─── Data for processing

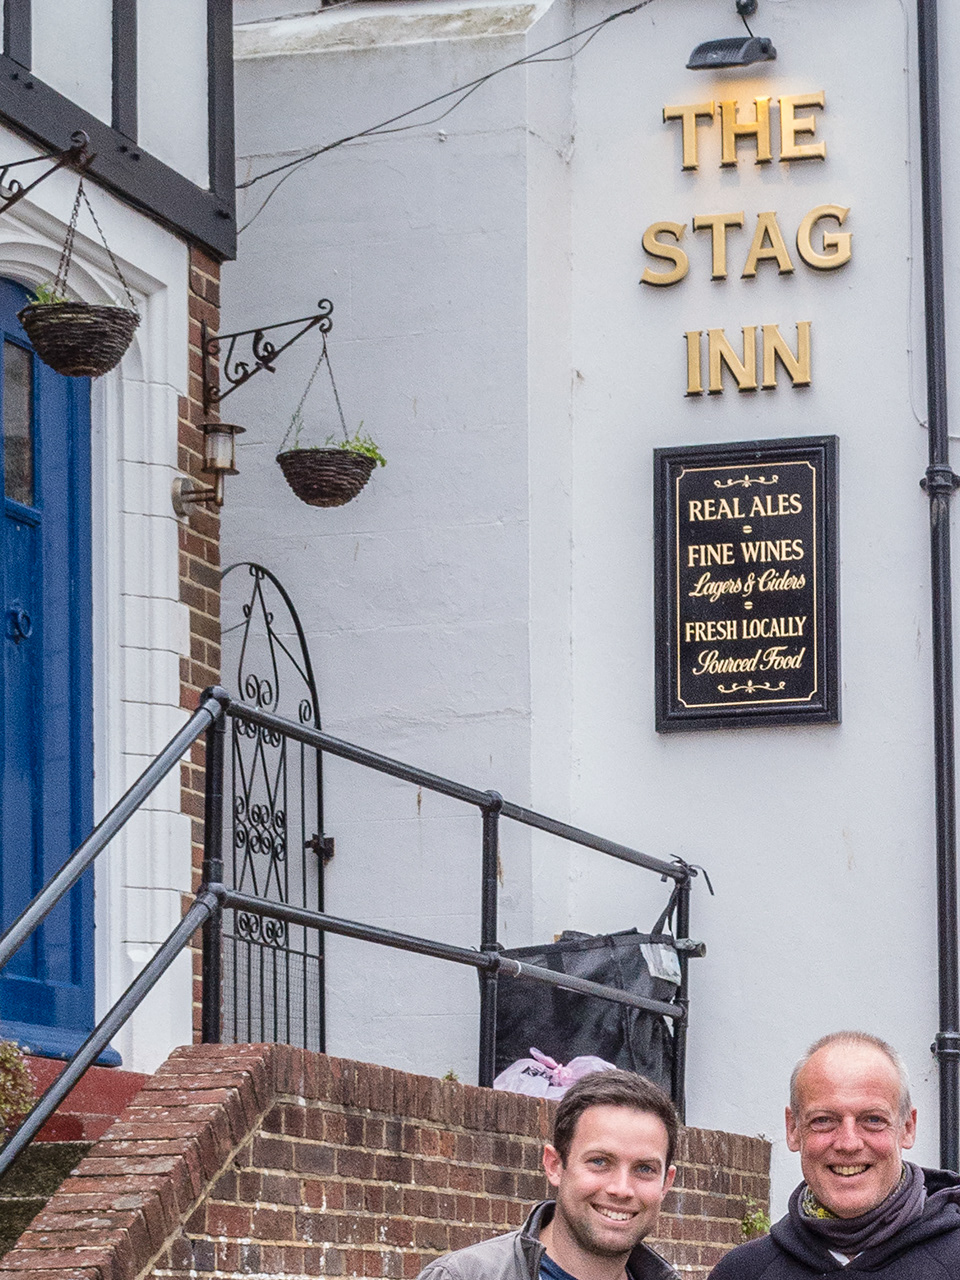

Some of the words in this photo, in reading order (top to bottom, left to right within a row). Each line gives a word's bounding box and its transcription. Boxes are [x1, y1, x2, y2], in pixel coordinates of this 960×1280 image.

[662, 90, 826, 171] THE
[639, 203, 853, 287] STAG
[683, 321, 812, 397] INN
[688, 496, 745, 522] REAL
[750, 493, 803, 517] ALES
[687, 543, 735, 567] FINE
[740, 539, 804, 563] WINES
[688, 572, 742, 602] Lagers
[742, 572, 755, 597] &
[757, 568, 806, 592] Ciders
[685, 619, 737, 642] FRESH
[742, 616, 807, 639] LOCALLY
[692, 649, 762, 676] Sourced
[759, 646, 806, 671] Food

──────

> _Task brief_:
None of the pictures belong in the copy; transcribe the rest of the data exactly.

> _Exercise output_:
Some of the words in this photo, in reading order (top to bottom, left to right within a row). Each line gives a word's bounding box and its transcription. Boxes are [x1, y1, x2, y2], in pixel coordinates of this 960×1280 image.

[662, 90, 826, 171] THE
[639, 203, 853, 287] STAG
[683, 321, 812, 397] INN
[688, 496, 745, 522] REAL
[750, 493, 803, 517] ALES
[687, 543, 735, 567] FINE
[740, 539, 804, 563] WINES
[688, 572, 742, 602] Lagers
[742, 572, 755, 597] &
[757, 568, 806, 592] Ciders
[685, 619, 737, 642] FRESH
[742, 616, 807, 639] LOCALLY
[692, 649, 762, 676] Sourced
[759, 646, 806, 671] Food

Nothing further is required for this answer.